Yeah, probably there have been individual transmission line bans for reasons like that. Which are entirely legitimate, by the way. But it's not the main thing holding wind power back.
Of course no private entity stepped up to build a uranium fuel reprocessing plant. If no one is able to build a new nuclear power plant then who is going to buy the reprocessed fuel?
Companies have been able to build new nuclear plants for years, permits have been issued, and some construction has taken place. TFA is about a recent freeze which isn't expected to last long. The reason you don't see more nuclear plants is economics.
My "beef" is not with the Department of Energy specifically, it's with the federal government in general.

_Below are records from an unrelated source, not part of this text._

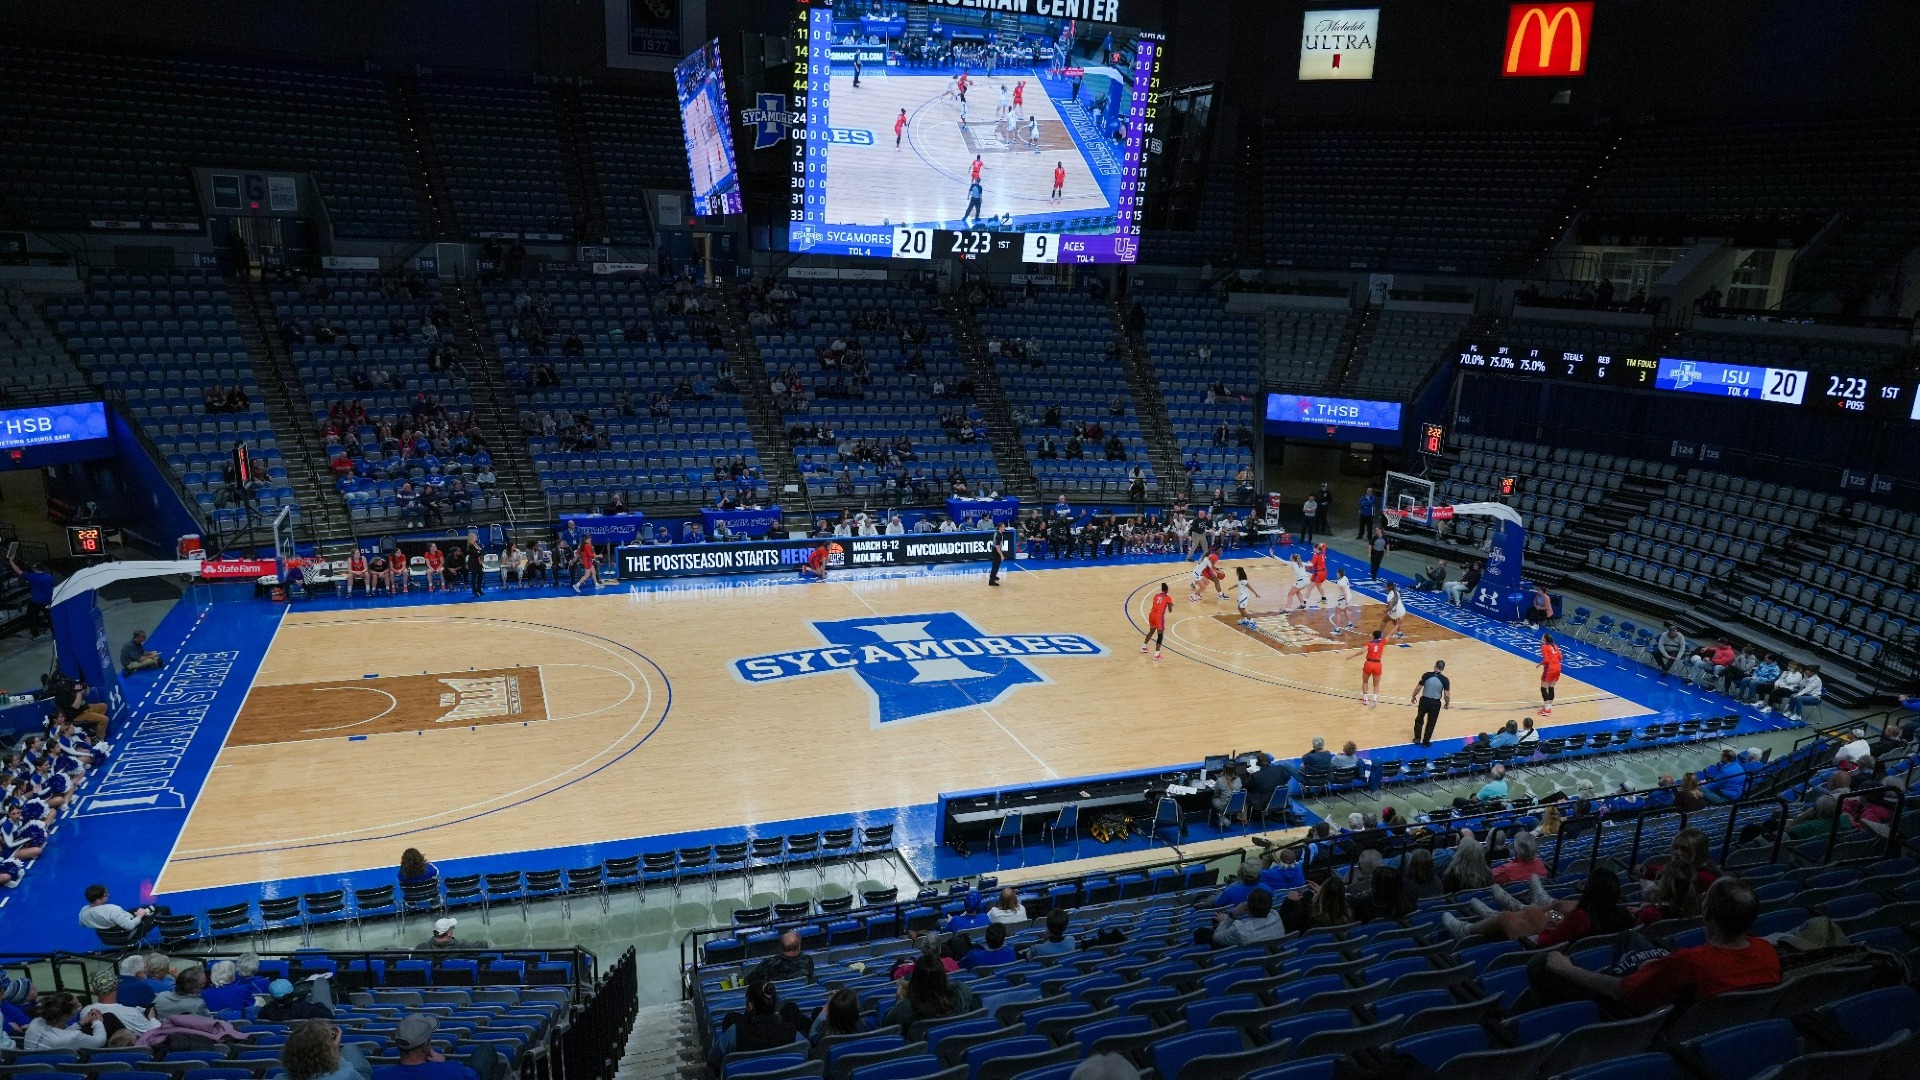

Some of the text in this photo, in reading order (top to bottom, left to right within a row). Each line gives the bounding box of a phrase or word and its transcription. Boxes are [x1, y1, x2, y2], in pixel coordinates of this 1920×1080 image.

[1037, 0, 1118, 22] CENTER
[799, 11, 830, 23] 4 2 1
[1315, 20, 1366, 32] Michelob
[797, 29, 820, 39] 11 0
[1306, 34, 1372, 50] ULTRA
[795, 46, 808, 57] 14
[813, 48, 819, 57] 2
[1147, 46, 1162, 57] 0 0
[794, 63, 818, 74] 23 6
[1145, 62, 1159, 72] 0 3
[793, 80, 818, 91] 44 2
[1136, 77, 1139, 85] 1
[1150, 78, 1160, 88] 21
[794, 96, 817, 107] 51 5
[1141, 93, 1158, 103] 0 22
[742, 111, 793, 124] SYCAMORE
[792, 113, 828, 124] 24 3 1
[1139, 108, 1156, 118] 0 32
[1130, 122, 1133, 130] 1
[1144, 123, 1153, 133] 14
[792, 129, 816, 140] 00 0
[1135, 138, 1148, 148] 3 1
[796, 146, 816, 156] 2 0
[1133, 153, 1147, 162] 0 5
[793, 161, 815, 172] 13 0
[1132, 168, 1147, 177] 0 11
[791, 178, 814, 188] 30 0
[1130, 182, 1145, 191] 0 12
[792, 194, 814, 204] 31 0
[1136, 197, 1144, 206] 13
[791, 210, 824, 221] 33 0 1
[1126, 211, 1142, 220] 0 15
[1124, 226, 1140, 235] 0 25
[827, 232, 891, 244] SYCAMORES
[900, 230, 926, 254] 20
[951, 231, 991, 253] 2:23
[998, 241, 1010, 249] 1ST
[1036, 236, 1046, 258] 9
[1063, 242, 1085, 252] ACES
[849, 248, 870, 256] TOL 4
[202, 256, 216, 264] 114
[1460, 354, 1485, 366] 70.0%
[1490, 357, 1514, 369] 75.0%
[1563, 353, 1583, 362] STEALS
[1598, 356, 1610, 364] REB
[1520, 360, 1545, 372] 75.0%
[1568, 364, 1574, 374] 2
[1626, 359, 1656, 368] TM FOULS
[1598, 368, 1605, 377] 6
[1639, 371, 1646, 381] 3
[1722, 369, 1749, 384] ISU
[1770, 371, 1797, 397] 20
[1827, 376, 1867, 398] 2:23
[1727, 386, 1749, 397] TOL 4
[1881, 386, 1900, 398] 1ST
[1318, 404, 1359, 417] THSB
[1846, 400, 1864, 410] POSS
[26, 435, 52, 444] SAVINGS
[83, 539, 96, 550] 18
[852, 540, 899, 551] MARCH 9-12
[907, 540, 1009, 557] MVCQUADCITIES.CM
[626, 556, 650, 572] THE
[654, 552, 732, 571] POSTSEASON
[735, 550, 779, 567] STARTS
[853, 553, 886, 563] MOLINE,
[887, 552, 894, 562] IL
[744, 635, 1094, 679] SYCAMORES

The Department of Energy gets special attention today because of this ban on nuclear power plant permits, the ethanol subsidies (making the news because of the drought in the Midwest), the solar power subsidies, and because of the subsidies to a foreign electric car company.

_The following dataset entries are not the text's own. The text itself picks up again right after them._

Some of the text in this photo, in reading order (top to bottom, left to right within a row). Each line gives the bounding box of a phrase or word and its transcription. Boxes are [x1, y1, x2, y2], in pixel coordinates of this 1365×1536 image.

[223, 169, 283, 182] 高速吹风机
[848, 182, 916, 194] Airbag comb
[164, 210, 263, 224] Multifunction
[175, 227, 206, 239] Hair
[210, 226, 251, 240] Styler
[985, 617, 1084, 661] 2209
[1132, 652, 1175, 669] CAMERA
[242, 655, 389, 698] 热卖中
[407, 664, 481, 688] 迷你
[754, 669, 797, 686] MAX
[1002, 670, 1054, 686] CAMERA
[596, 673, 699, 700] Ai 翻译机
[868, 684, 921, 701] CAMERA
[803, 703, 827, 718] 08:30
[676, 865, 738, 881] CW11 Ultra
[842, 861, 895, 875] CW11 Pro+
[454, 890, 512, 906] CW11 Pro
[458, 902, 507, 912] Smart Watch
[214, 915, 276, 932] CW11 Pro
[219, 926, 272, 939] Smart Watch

The DOE does not regulate power plant construction; that's the NRC. The DOE does not provide ethanol subsidies; that's a Congressional handout to the farm industry. (Incidentially, those subsidies expired this year, although the Renewable Fuel Standard that Congress passed is still here.)
The DOE does subsidize solar power and electric vehicle companies. I don't agree that none of them produce real benefit, but that aside, that's not the only thing the DOE does. Most of its budget is actually nuclear national security, it does R&D, etc.
The Department of Energy did[n't] ban the fracking for natural gas but the federal government is doing its best to stop the construction of any new oil wells.
Good.
While oil wells produce crude petroleum they also produce vast quantities of natural gas. If we can't drill for oil then we can't drill for natural gas either, they both come from the same hole.
Most of the long-term growth potential of natural gas in this country will come from fracking, which isn't banned by the federal government.